The Freedom to Eat Meat
The book takes a deeper look at what the Bible has to say about using and eating animals from several different perspectives. Edited by Palm Beach Atlantic University’s Wes Jamison, PhD, and Paul Copan, PhD, the contributing authors tackle topics including the challenges to Christian meat-eating, human exceptionalism and humanity’s dominion over other living creatures.
“The new animal-protection technology overlooks divine mandates for animal slaughter, and the animal rights pragmatists misappropriate scripture in service to their agenda, misquoting or taking verses out of context; they arbitrarily proof-text scripture, making selective use of the Bible while overlooking the clear teachings that humans may joyfully use and eat animals; and they use faulty logic and abuse secondary sources,” Jamison says in chapter four.
In addition to chapters from Jamison and Copan, the book includes chapters from five different authors with unique perspectives and expertise in theology: Tom St. Antoine, PhD, Palm Beach Atlantic University; Timothy Hsiao, PhD, Grantham University; Walter Kaiser, PhD, evangelical Old Testament scholar; Gordon Spronk, DVM, and hog farmer; and Randy Spronk, a Minnesota hog farmer.
“Christians have the freedom to eat meat, without it being a question of conscience,” Jamison says. “In fact, not only can they do it, they are blessed when they do it. I Timothy 4: 1-5 gives an explicit warning to avoid people who tell you that you can’t eat – that you can’t eat animals or other things in God’s creation. It says that all things created by God can be eaten and enjoyed as long as they are sanctified.”
Raising Pigs for Food
In Chapter 10, brothers Gordon Spronk and Randy Spronk dig into the question: Does scripture allow people to raise pigs for food?

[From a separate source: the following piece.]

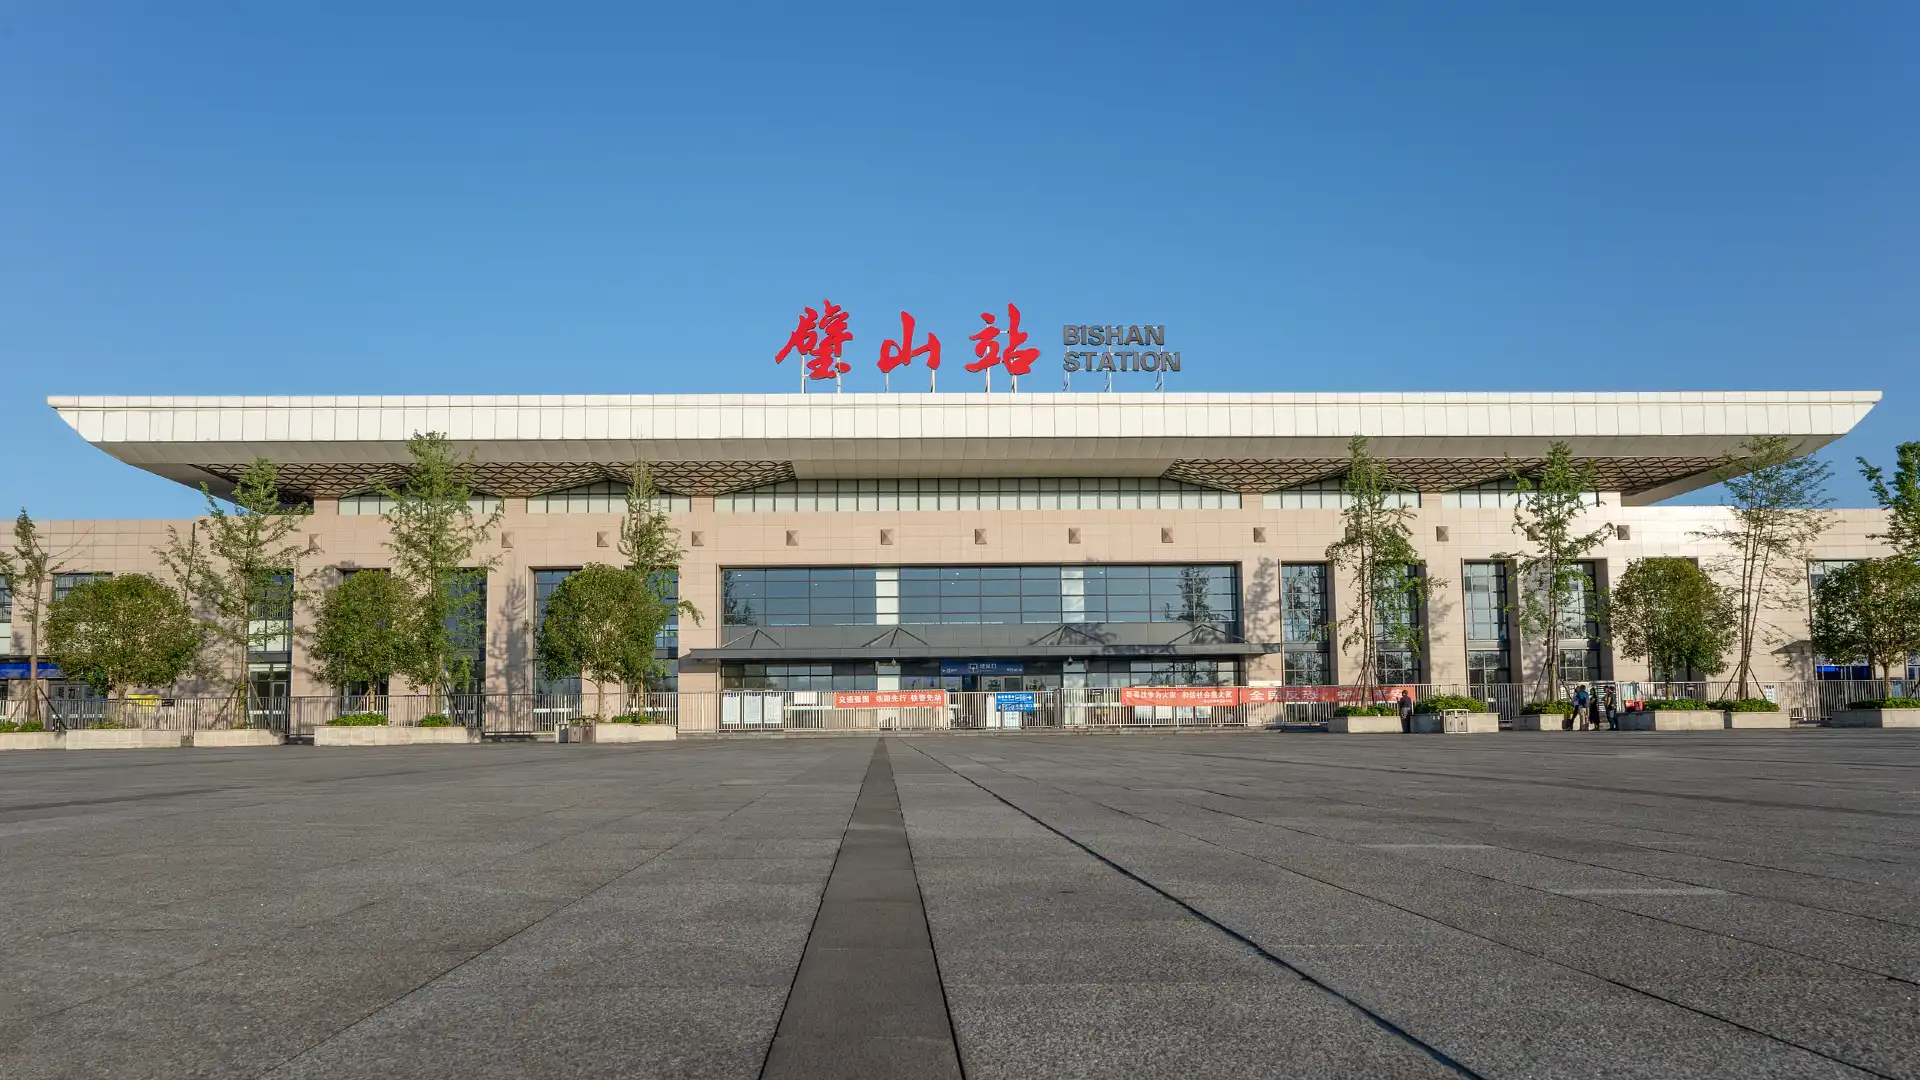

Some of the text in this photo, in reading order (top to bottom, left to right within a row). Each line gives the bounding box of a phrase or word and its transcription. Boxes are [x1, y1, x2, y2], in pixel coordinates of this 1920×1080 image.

[775, 299, 1041, 380] 璧山站
[1063, 325, 1165, 346] BISHAN
[1063, 350, 1181, 373] STATION
[838, 695, 870, 704] 交通强国

“The theologian feeds the soul, the philosopher feeds the mind, the agriculturist feeds the world and he uses the blessings of his labors…meat,” Gordon Spronk says.
Flocks and herds have a purpose to feed the hungry and to be eaten. The Spronks write that raising animals for meat is a spiritual calling “in response to the command to take our place in God’s kingdom.”
Who is This Book For?
Jamison says this book is written at a very approachable level for people who attend church or are Christians who want to know the theological reasons for eating meat. It’s also a good resource for opponents of animal agriculture to show what the Bible really says.
“What Would Jesus Really Eat? will help arm farmers and ranchers and others in the animal agriculture industry with the information they need to have informed conversations about the complex subject of religion and eating meat. You’ll be better prepared to push back against activist claims after reading this book,” Smith says.